Always print fit$resample once during model development. Per-fold ROC variance reveals fragility that the averaged row hides. A model with mean ROC 0.92 and per-fold range 0.78 to 0.99 is much less reliable than one with mean 0.90 and range 0.88 to 0.92.

twoClassSummary() vs alternatives

caret ships five summaryFunctions plus the postResample helper. The right one depends on outcome type, class balance, and which metrics drive the decision.

summaryFunction	Outcome type	Returned metrics	Picks when
`twoClassSummary`	Two-class factor	ROC, Sens, Spec	Binary classification, balanced or moderately imbalanced
`prSummary`	Two-class factor	AUC (PR), Precision, Recall, F	Heavily imbalanced binary, precision-recall focus
`multiClassSummary`	3+ class factor	Accuracy, Kappa, per-class metrics	Multinomial outcomes
`mnLogLoss`	Two- or multi-class	logLoss	Probability calibration matters more than hard label
`defaultSummary`	Numeric (regression)	RMSE, Rsquared, MAE	Regression resampling
`postResample`	Either	RMSE/Rsq/MAE or Accuracy/Kappa	Quick scoring of two vectors outside `train()`

Pick twoClassSummary when the outcome is a two-level factor and ROC is the headline metric. If positives are rare (under 10 percent of rows), switch to prSummary so PR-AUC reflects ranking on the minority class. Use mnLogLoss for calibration, and confusionMatrix() for one-off scoring outside the resample loop.

Common pitfalls

Four mistakes account for most twoClassSummary() bugs. Each has a quick fix.
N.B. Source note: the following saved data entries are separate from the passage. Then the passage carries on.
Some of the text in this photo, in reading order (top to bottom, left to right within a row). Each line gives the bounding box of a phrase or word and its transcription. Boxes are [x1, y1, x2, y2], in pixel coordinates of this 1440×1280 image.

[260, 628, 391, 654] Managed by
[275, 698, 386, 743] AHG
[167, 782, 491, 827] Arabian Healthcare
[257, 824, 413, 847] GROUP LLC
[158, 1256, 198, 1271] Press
RPitfall 1: classProbs left at FALSE

ctrl_bad <- trainControl(method = "cv", number = 5, summaryFunction = twoClassSummary) # classProbs missing set.seed(1) try(train(Species ~ ., data = binary_iris, method = "glm", family = "binomial", trControl = ctrl_bad, metric = "ROC")) #> Error: train()'s use of ROC codes requires class probabilities. See #> the classProbs option of trainControl()

The fix is to add classProbs = TRUE. caret cannot compute ROC AUC without a probability column for each class.
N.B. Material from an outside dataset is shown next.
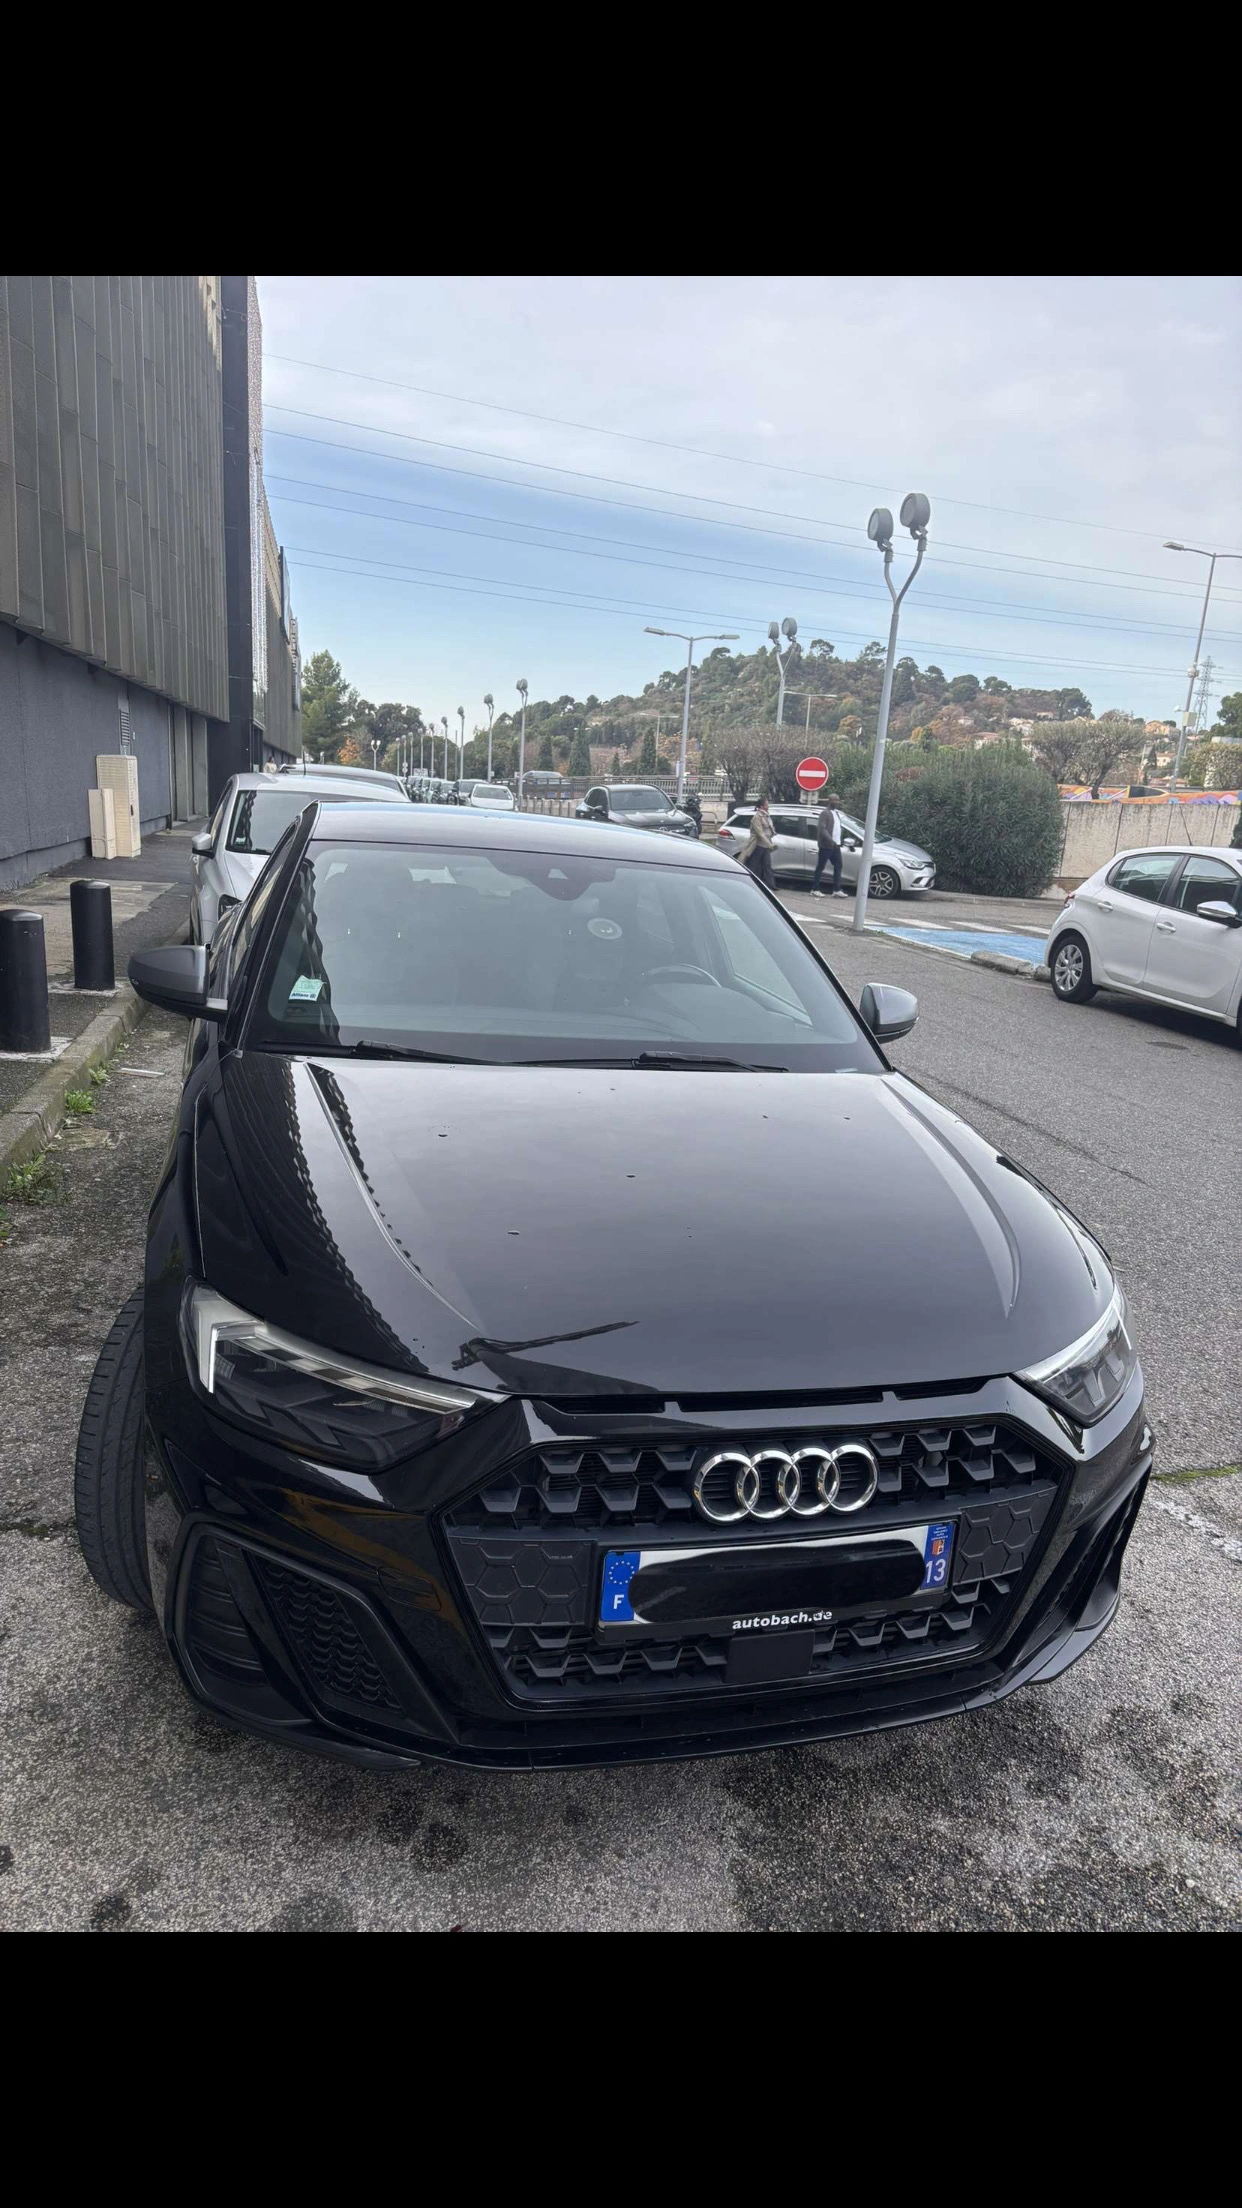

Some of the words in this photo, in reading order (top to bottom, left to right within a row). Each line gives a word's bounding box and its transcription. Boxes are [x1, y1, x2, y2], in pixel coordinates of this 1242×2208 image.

[925, 1558, 947, 1584] 13
[613, 1594, 625, 1610] F
[732, 1609, 833, 1630] autobach.de
RPitfall 2: wrong probability column names

bad_df <- data.frame( obs = factor(c("yes", "no", "yes"), levels = c("yes", "no")), pred = factor(c("yes", "no", "no"), levels = c("yes", "no")), prob1 = c(0.8, 0.2, 0.4), prob2 = c(0.2, 0.8, 0.6) ) try(twoClassSummary(bad_df, lev = c("yes", "no"))) #> Error in twoClassSummary(bad_df, lev = c("yes", "no")) : #> columns for class probabilities are missing

The probability columns must be named exactly after the factor levels. Rename prob1 to yes and prob2 to no and the call succeeds.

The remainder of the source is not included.